Other expenses on the city's report include $2,500 for signs, banners and posters, almost $5,000 for an online ad on villageprofile.com and $375 to Jackson-based Hapax Creative to film a TV commercial. The city also advertised the Eleven 14 campaign event in BOOM Jackson magazine, the Jackson Free Press' sister publication.
The Celebrate Jackson records show the city spent a little less than $500 for blue dye and $497 in extension cords from Home Depot for the opening event.
Thompson said $98,000 isn't enough money to run a large-scale marketing campaign. The city, he said, planned from the beginning to search for more funding for Celebrate Jackson, as much as $100,000 more, from groups such as the Jackson Convention and Visitors Bureau, Downtown Jackson Partners, the Greater Jackson Chamber Partnership and University of Mississippi Medical Center. Thompson said he did not know which groups the city had approached, other than JCVB in December, but said that city had not secured any more funds.
"It was our understanding that other entities would be coming in, which is why we moved in the way that we moved," Thompson said. "(That) hasn't materialized to this point, so we had to do some creative juggling to make things work."
Mayor Johnson said the December meeting with JCVB was preliminary and that the city is preparing a formal request to present to the JCVB board in March. He confirmed that the city has not approached any other groups about additional funding. A few campaign TV ads aired in November, shortly after an opening event the city called Eleven 14, but no more since.
The Eleven 14 event, named to mark the Nov. 14 date, included booths from local food venders and performances by school bands and choirs around City Hall.
It was riddled with problems, though, including light-pole signs that were too long and dragged on the ground, and a less-than impressive attendance due to the lack of clear information as to what the event would be.

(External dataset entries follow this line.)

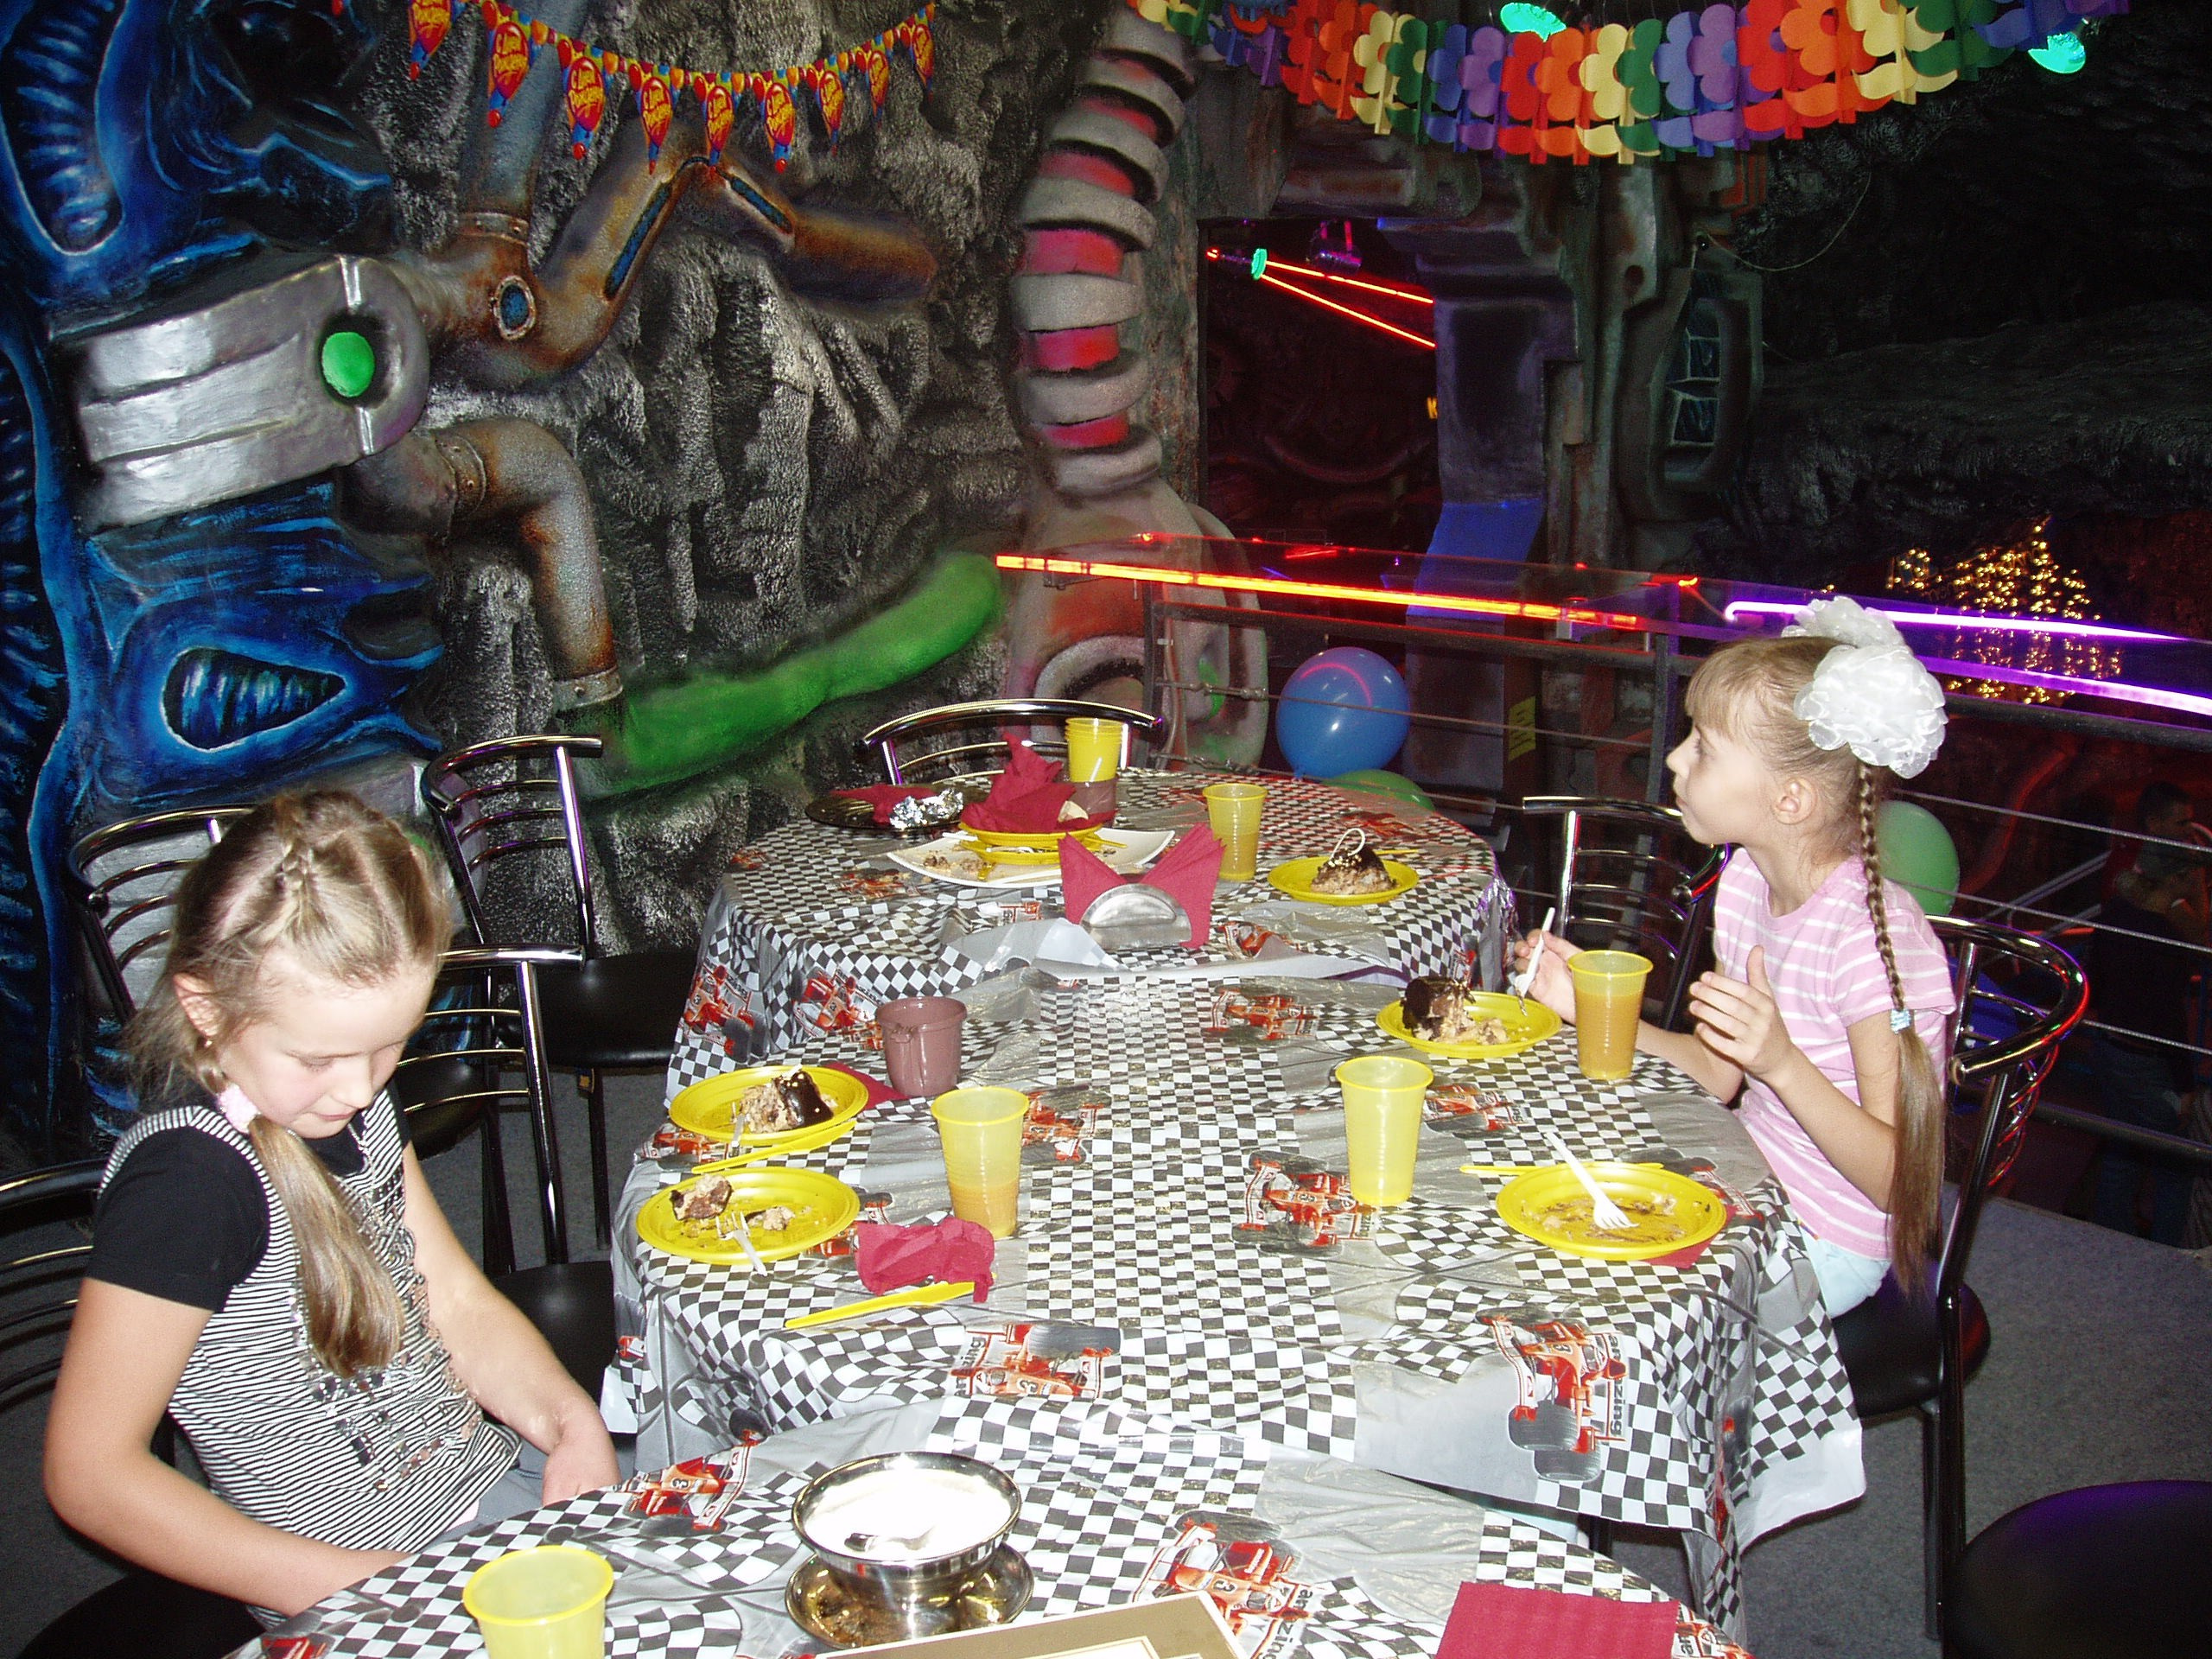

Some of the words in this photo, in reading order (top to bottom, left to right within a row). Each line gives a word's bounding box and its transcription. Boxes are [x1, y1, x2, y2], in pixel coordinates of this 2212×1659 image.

[1553, 1344, 1572, 1353] 3
[954, 1337, 987, 1399] amzing
[1608, 1334, 1626, 1435] amzing
[671, 1478, 690, 1489] 3
[1212, 1580, 1236, 1592] 3
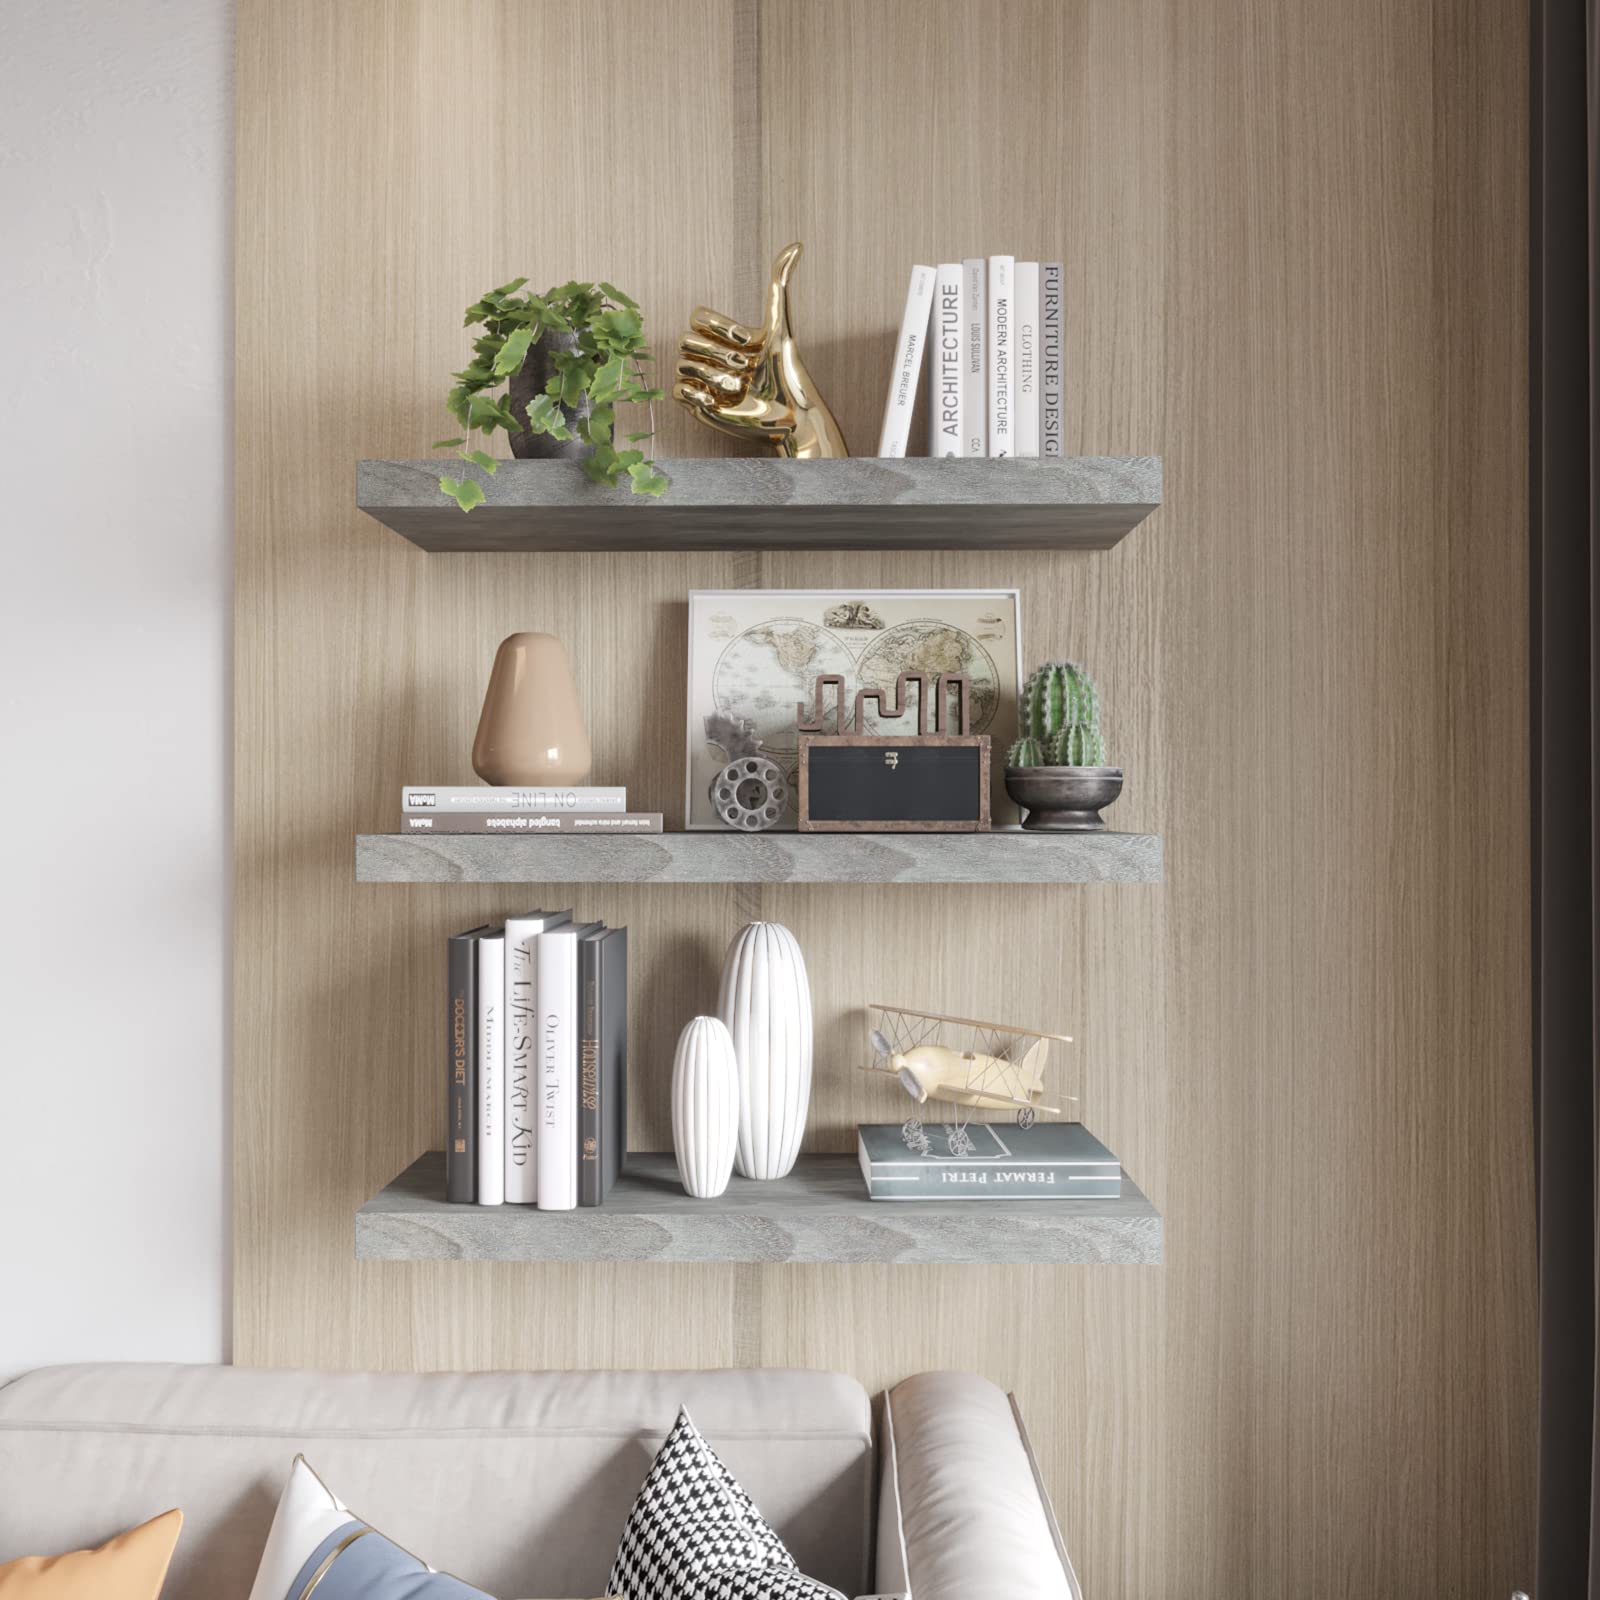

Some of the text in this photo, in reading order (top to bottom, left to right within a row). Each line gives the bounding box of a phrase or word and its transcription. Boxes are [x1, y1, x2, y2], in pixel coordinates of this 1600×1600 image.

[996, 298, 1007, 346] MODERN
[898, 334, 917, 406] MARCEL BREUER
[942, 284, 958, 437] ARCHITECTURE
[970, 323, 981, 373] LOUIS SULLIVAN
[1021, 324, 1032, 393] CLOTHING
[1045, 266, 1059, 457] FURNITURE DESIG
[996, 349, 1007, 435] ARCHITECTURE
[971, 438, 980, 453] CCA
[408, 794, 435, 806] MoMA
[409, 818, 432, 828] MoMA
[486, 816, 561, 828] tangled alphabets
[511, 792, 576, 808] ON LINE
[454, 1059, 466, 1086] DIET
[486, 1005, 495, 1137] MIDDLEMARCH
[941, 1172, 1056, 1184] FERMAT PETRI

Starting with an event was a poor way to start a marketing campaign, Darren Schwindaman, a graphic designer and branding specialist at Jackson-based Creative Distillery, told the JFP in January. Branding the TV commercials and posters for the event with the Eleven 14 logo, instead of the Celebrate Jackson logo, was even more confusing to Schwindaman, who was previously a graphic designer for the JFP.